Elijah Burke:  was home-schooled by his mother,  a registered teacher. Photograph: Gareth Chaney/Collins

Elijah Burke: was home-schooled by his mother, a registered teacher. Photograph: Gareth Chaney/Collins

 

The Minister for Education has lost a landmark Supreme Court appeal over findings that two home-schooled students were unlawfully excluded from the 2020 Leaving Cert calculated grades scheme imposed as a result of the Covid-19 pandemic.

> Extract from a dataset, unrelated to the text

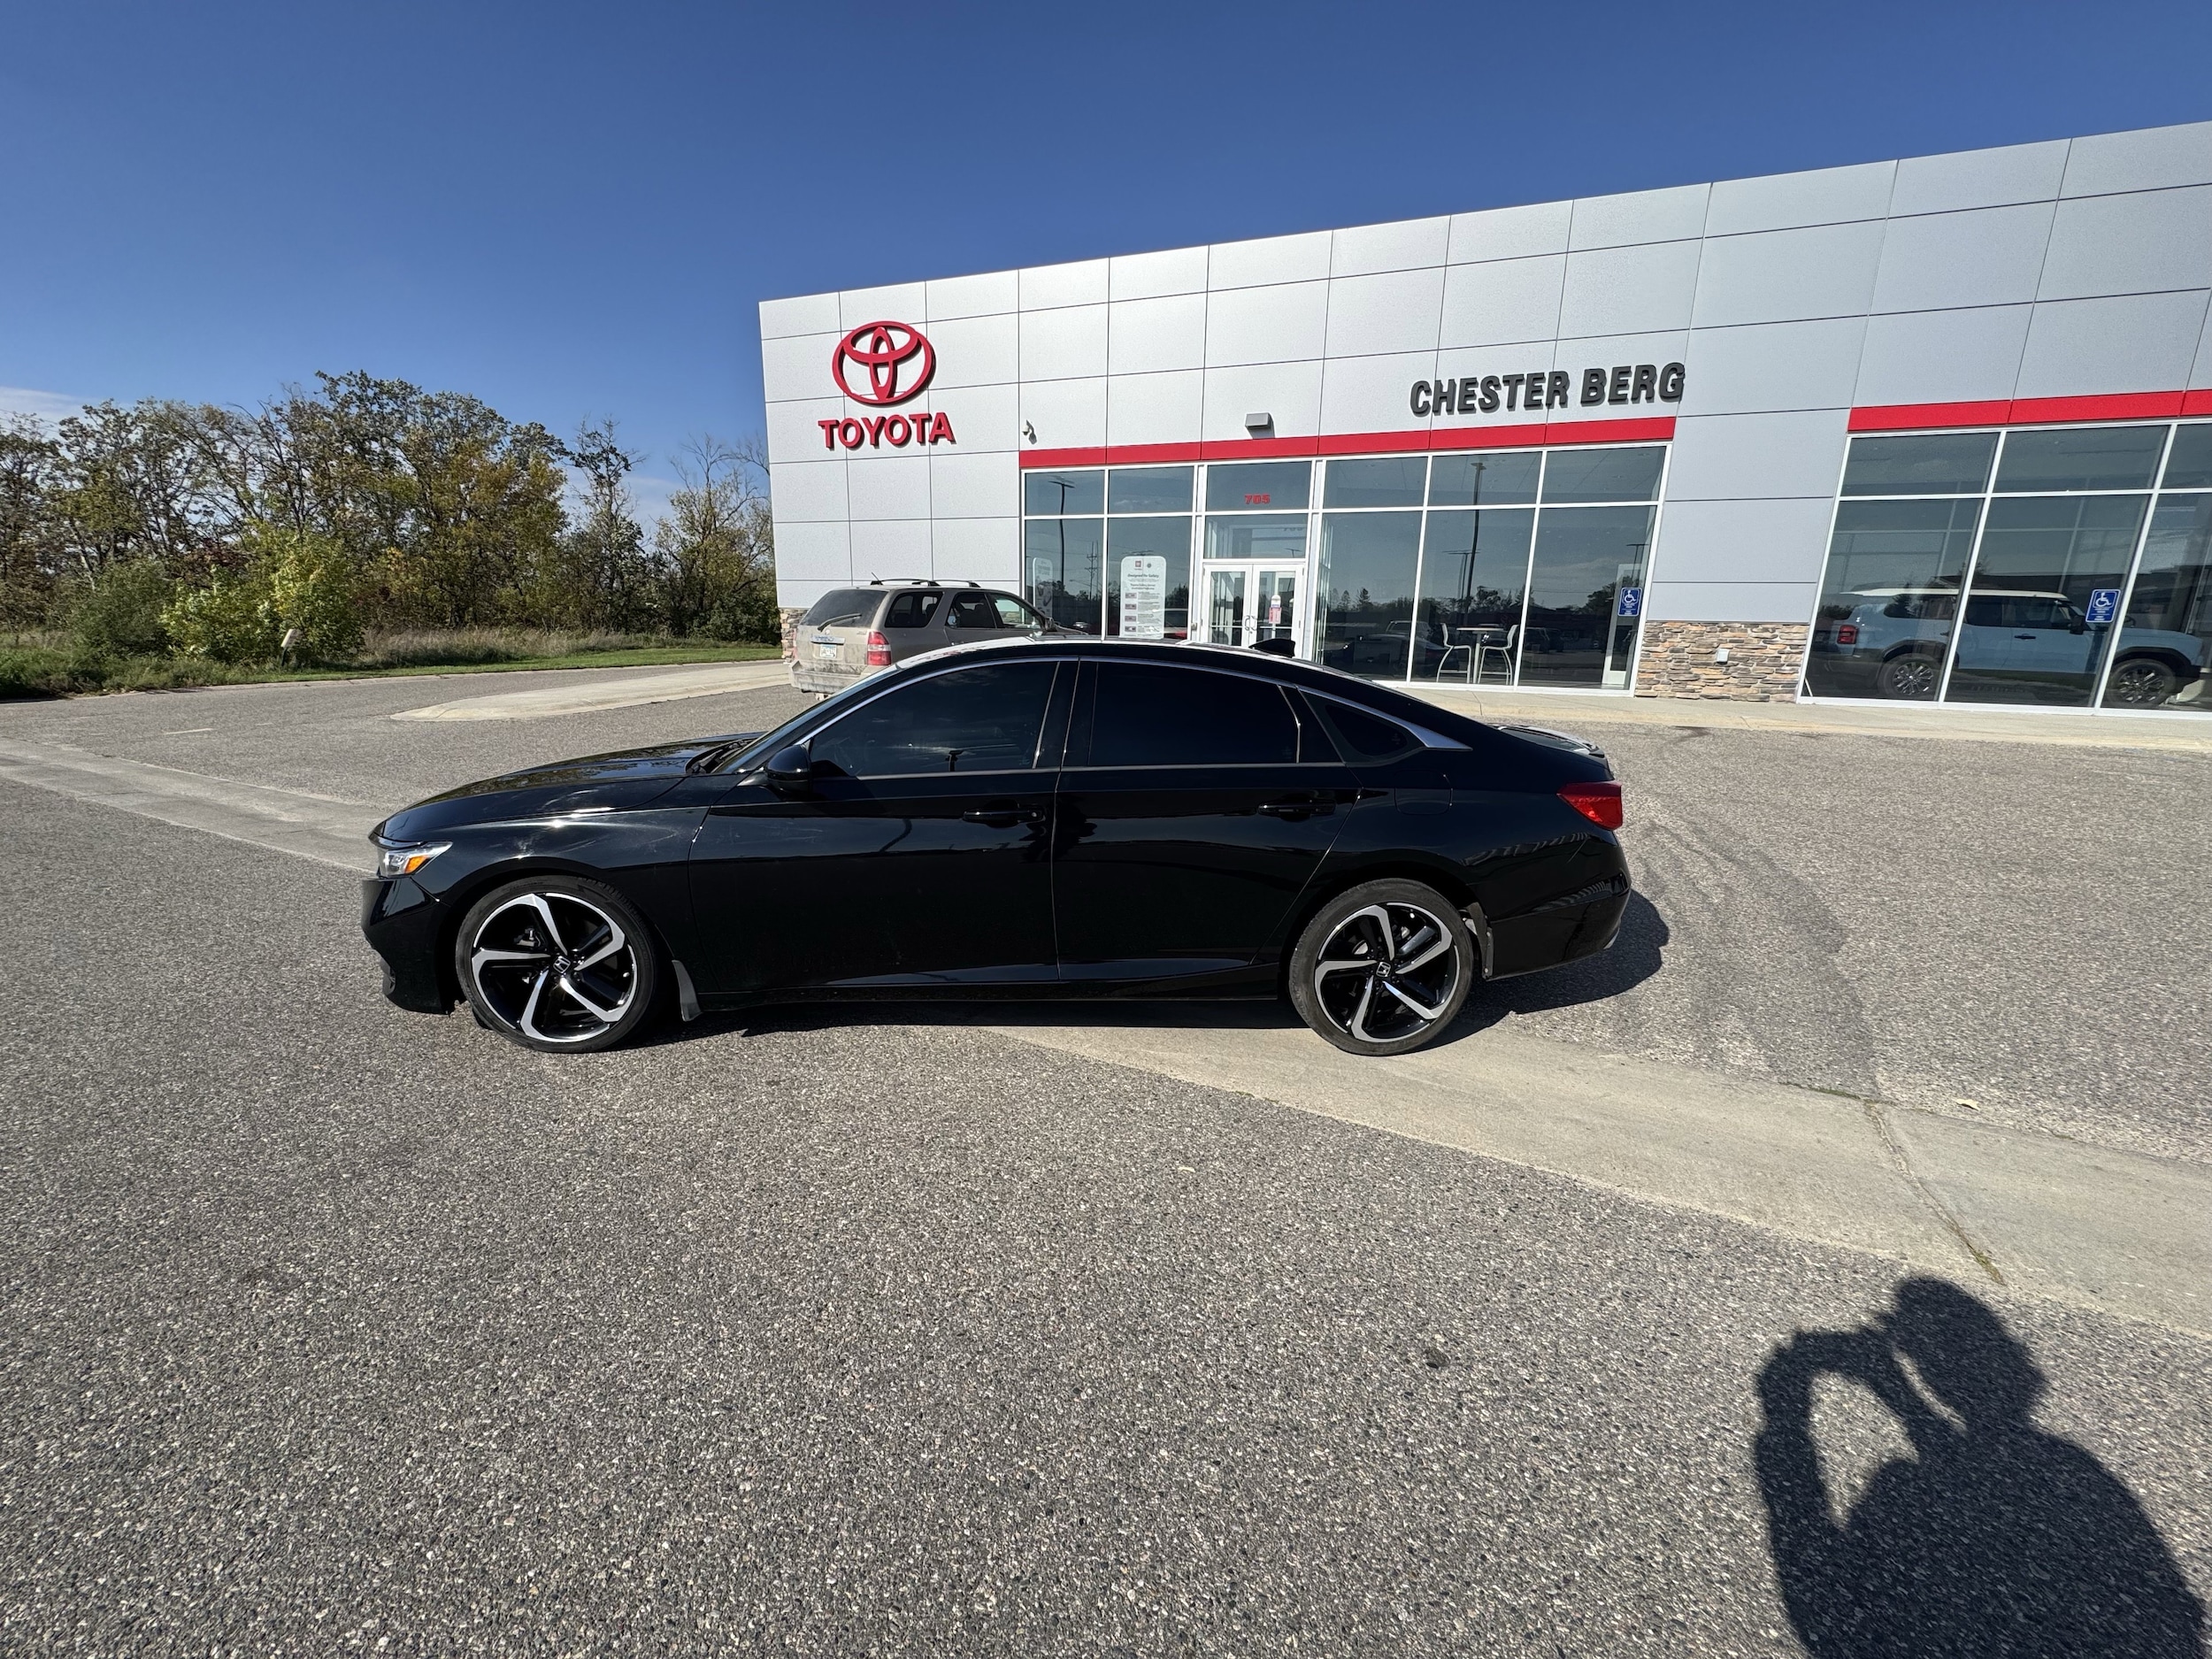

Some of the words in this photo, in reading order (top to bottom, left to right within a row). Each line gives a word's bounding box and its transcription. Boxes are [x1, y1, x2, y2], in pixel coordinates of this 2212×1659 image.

The court ruled on Monday the students’ exclusion from the scheme was invalid and an “impermissible” interference with the constitutional freedom of the family to provide education in the home under article 42.2 of the Constitution.

There is a derived right, protected by the Constitution, for a home-schooled individual to have “reasonable” account taken of their situation when educational policies are being implemented by the State, it found.

In the five-judge court’s main judgment the Chief Justice, Mr Justice Donal O’Donnell, held the scheme was clearly an exercise of the executive power of the State for reasons including it was to be delivered through the Calculated Grades Executive Office (CGEO), “a non-statutory executive office”.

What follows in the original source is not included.